— Input —
=== Section Start ===

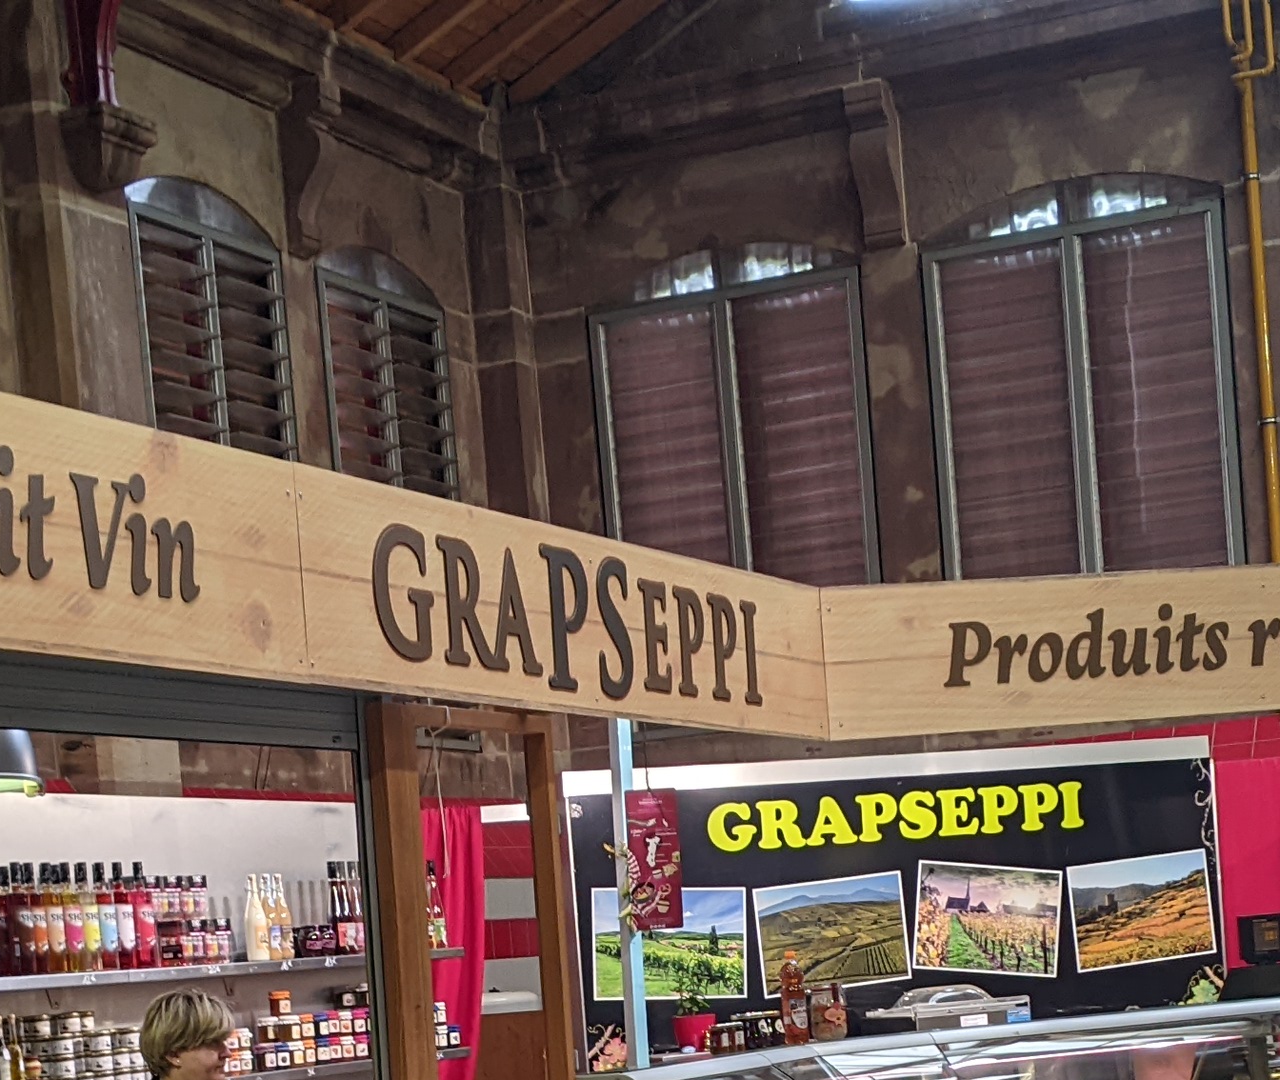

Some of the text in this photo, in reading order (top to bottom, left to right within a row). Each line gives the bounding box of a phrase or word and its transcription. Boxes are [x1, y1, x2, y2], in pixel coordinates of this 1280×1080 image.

[69, 471, 201, 603] Vin
[372, 523, 763, 707] GRAPSEPPI
[943, 603, 1230, 689] Produits
[706, 781, 1085, 852] GRAPSEPPI

=== Section End ===

— Task statement —
All the records need to be printed again exactly as written, though without their pictures.

— Exercise solution —
Some of the text in this photo, in reading order (top to bottom, left to right within a row). Each line gives the bounding box of a phrase or word and its transcription. Boxes are [x1, y1, x2, y2], in pixel coordinates of this 1280×1080 image.

[69, 471, 201, 603] Vin
[372, 523, 763, 707] GRAPSEPPI
[943, 603, 1230, 689] Produits
[706, 781, 1085, 852] GRAPSEPPI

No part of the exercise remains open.